====== INFORMATION
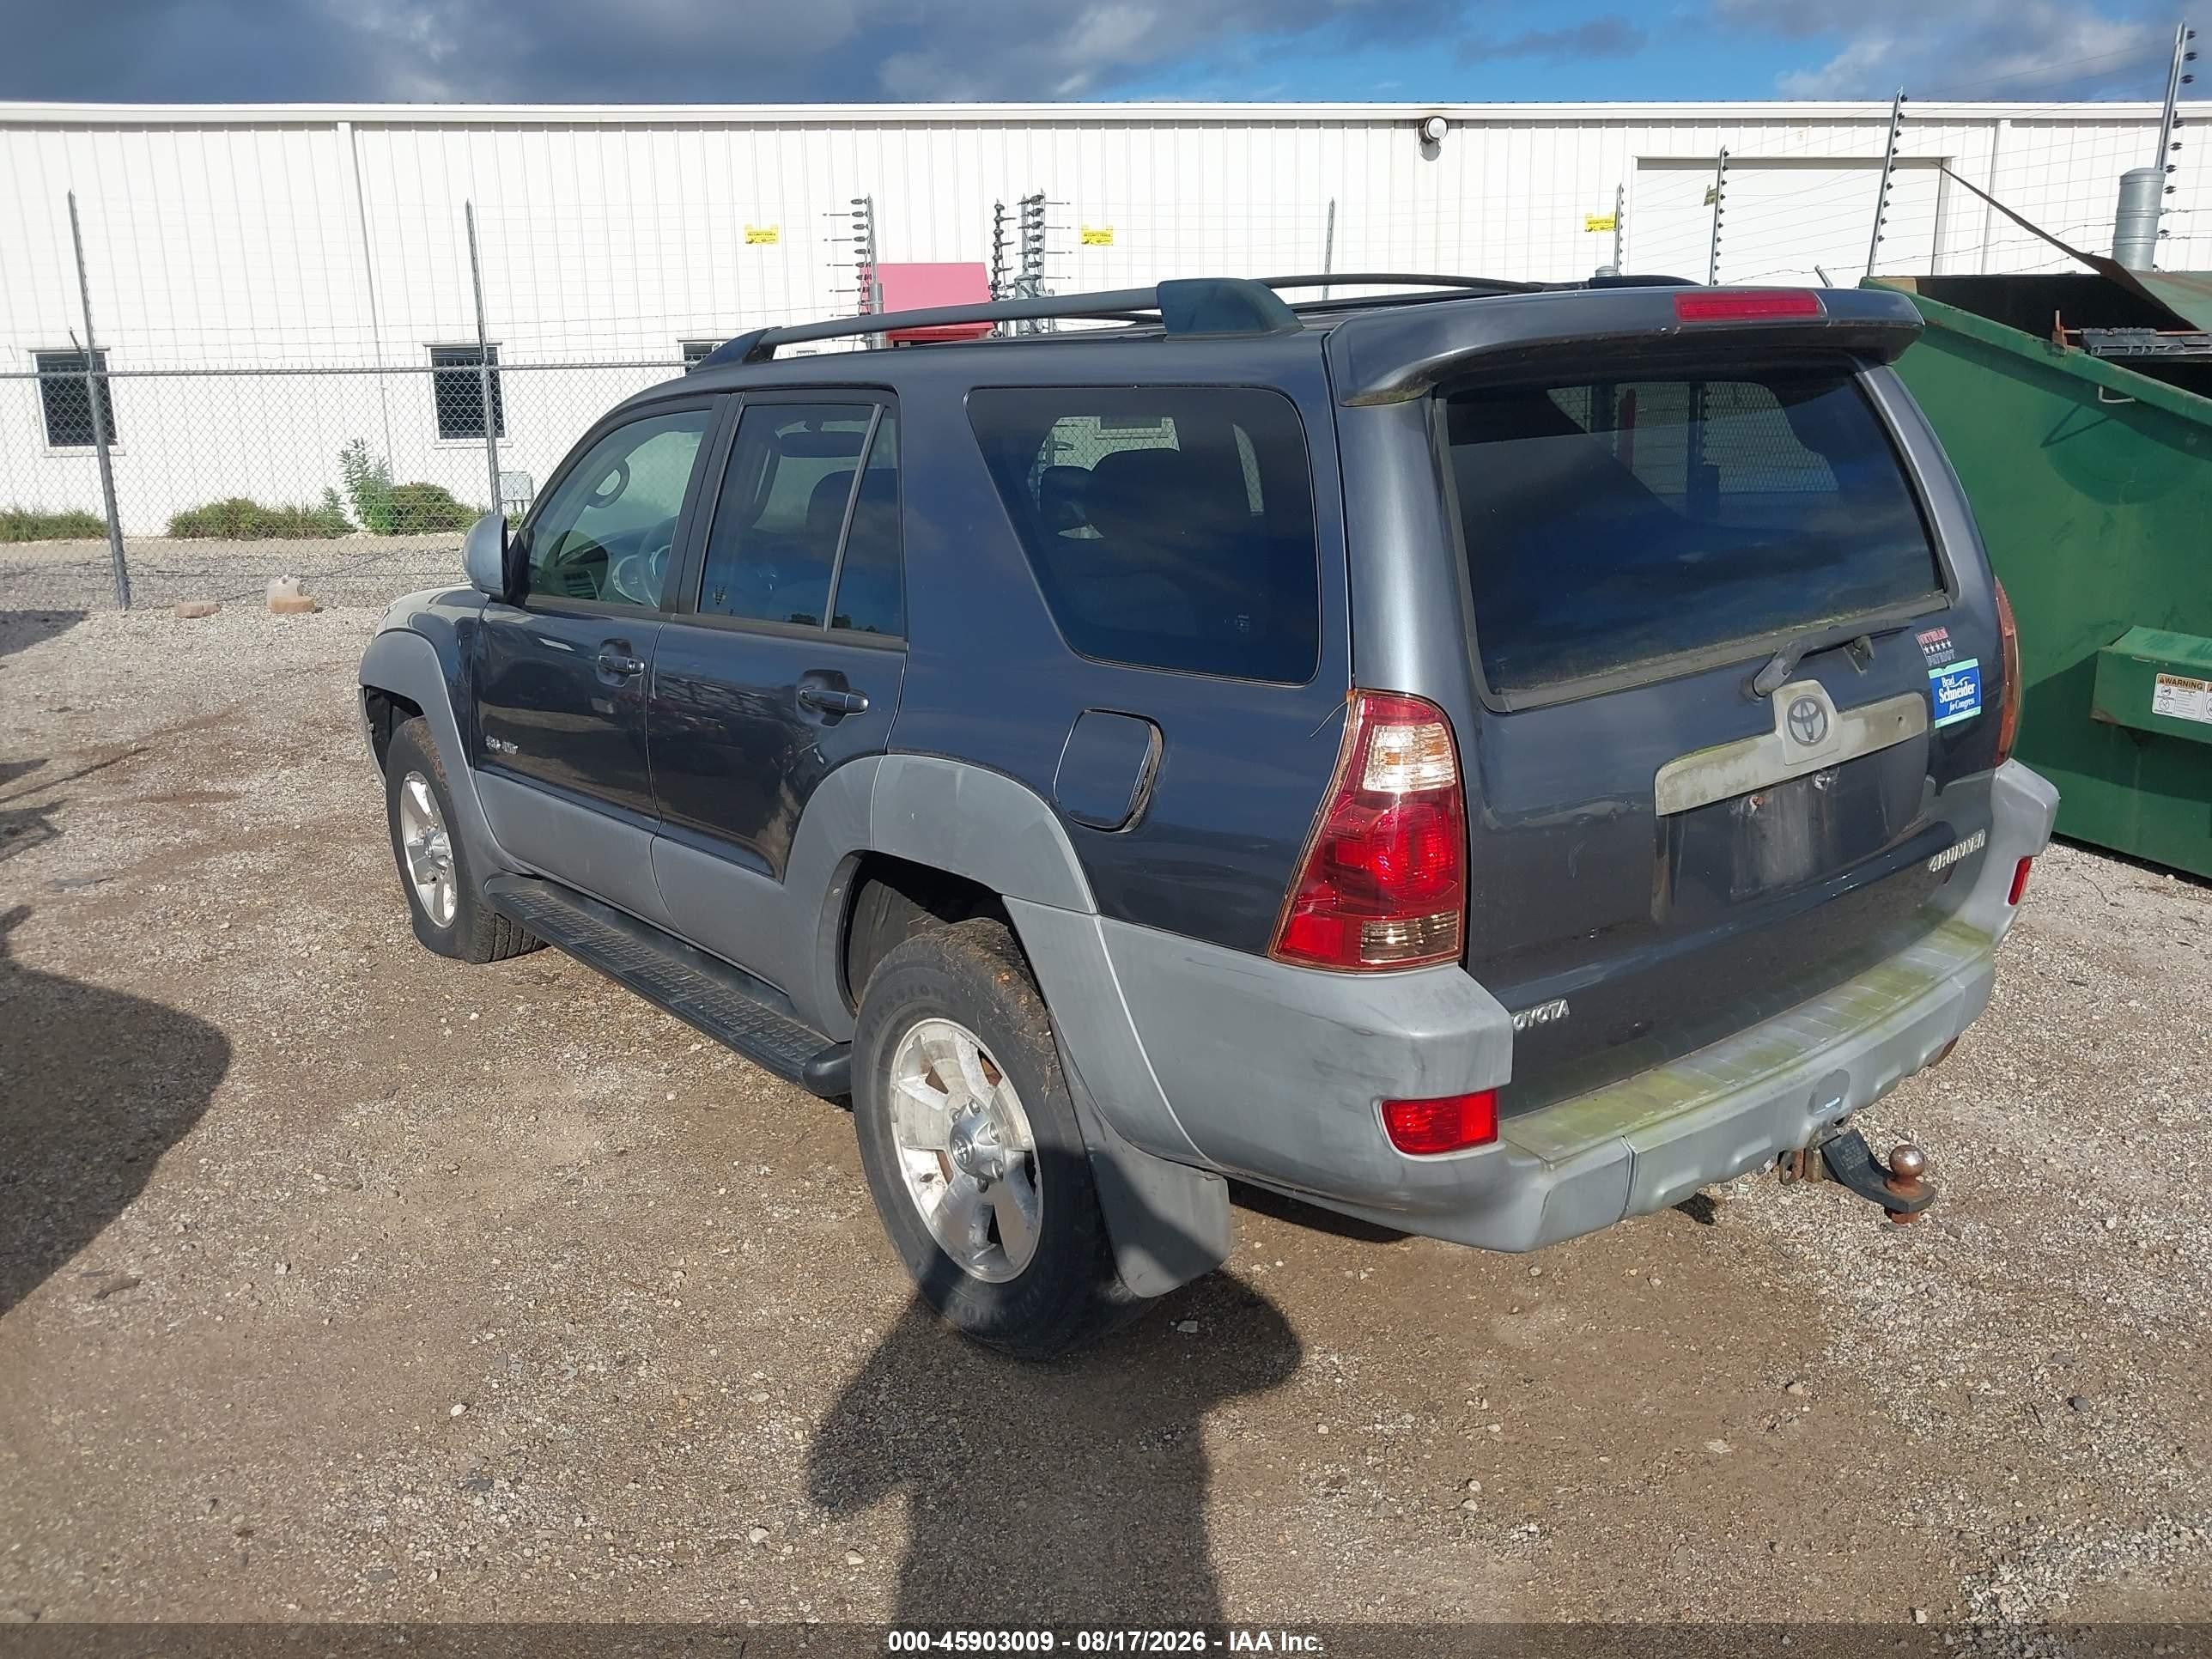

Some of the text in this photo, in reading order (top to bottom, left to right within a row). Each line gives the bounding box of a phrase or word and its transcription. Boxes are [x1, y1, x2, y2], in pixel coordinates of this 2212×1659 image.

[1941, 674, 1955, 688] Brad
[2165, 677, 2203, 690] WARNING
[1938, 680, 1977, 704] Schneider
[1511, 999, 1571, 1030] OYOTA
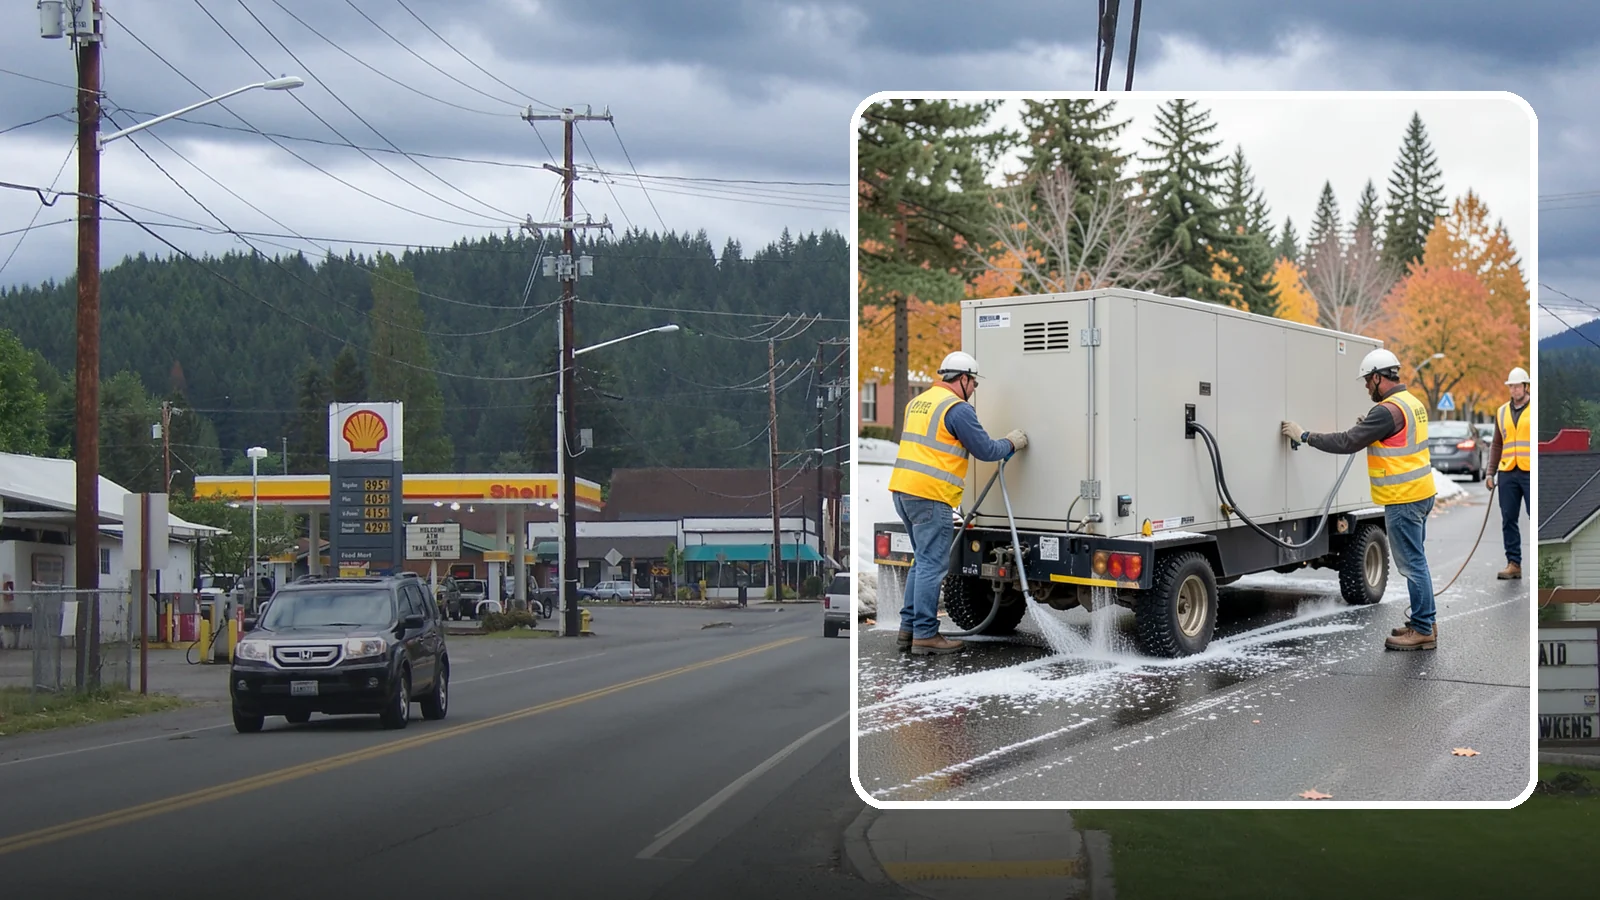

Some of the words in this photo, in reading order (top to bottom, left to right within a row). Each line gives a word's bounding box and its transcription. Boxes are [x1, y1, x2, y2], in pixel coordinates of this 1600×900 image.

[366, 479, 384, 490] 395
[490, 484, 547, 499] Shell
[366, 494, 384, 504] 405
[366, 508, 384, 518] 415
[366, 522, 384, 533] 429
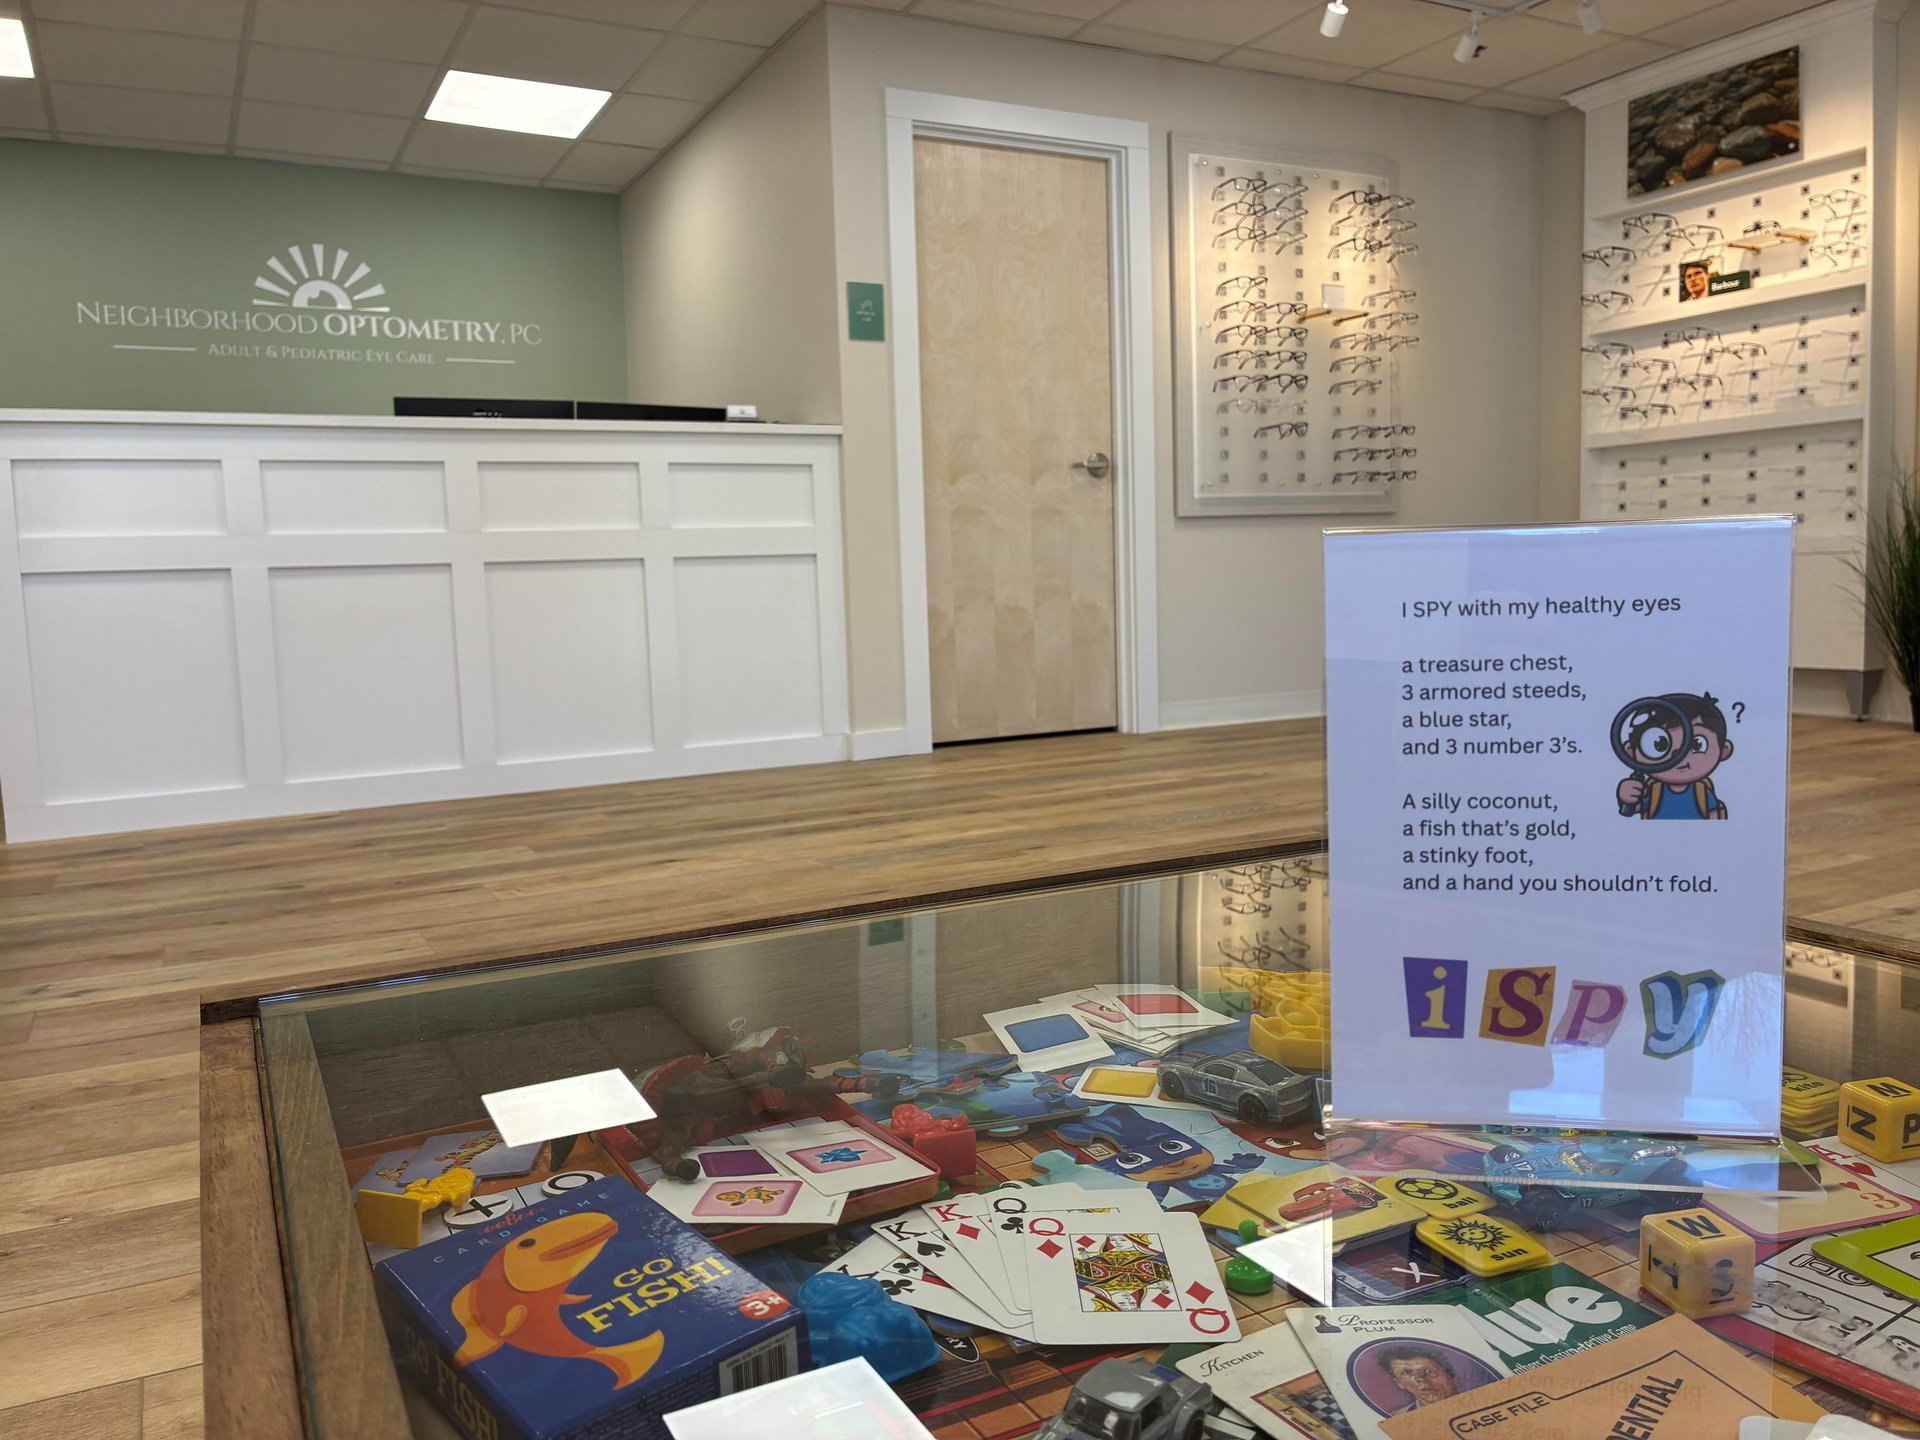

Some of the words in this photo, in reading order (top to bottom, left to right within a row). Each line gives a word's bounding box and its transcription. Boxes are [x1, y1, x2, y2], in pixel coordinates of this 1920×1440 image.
============
### YOUR TASK
Output the data exactly, pictures omitted.

### RESULT
Some of the text in this photo, in reading order (top to bottom, left to right within a row). Each line gives the bounding box of a phrase or word and its transcription. Boxes are [x1, y1, x2, y2], in pixel coordinates of this 2212×1659 image.

[1941, 674, 1955, 688] Brad
[2165, 677, 2203, 690] WARNING
[1938, 680, 1977, 704] Schneider
[1511, 999, 1571, 1030] OYOTA

Some of the words in this photo, in reading order (top to bottom, left to right within a row). Each line gives a word's bounding box and its transcription. Boxes are [x1, y1, x2, y2], in pixel coordinates of this 1600×900 image.

[366, 479, 384, 490] 395
[490, 484, 547, 499] Shell
[366, 494, 384, 504] 405
[366, 508, 384, 518] 415
[366, 522, 384, 533] 429

Some of the words in this photo, in reading order (top to bottom, left to right within a row). Each line gives a word's bounding box and its transcription. Boxes are [x1, y1, x2, y2], in pixel coordinates of this 1920×1440 image.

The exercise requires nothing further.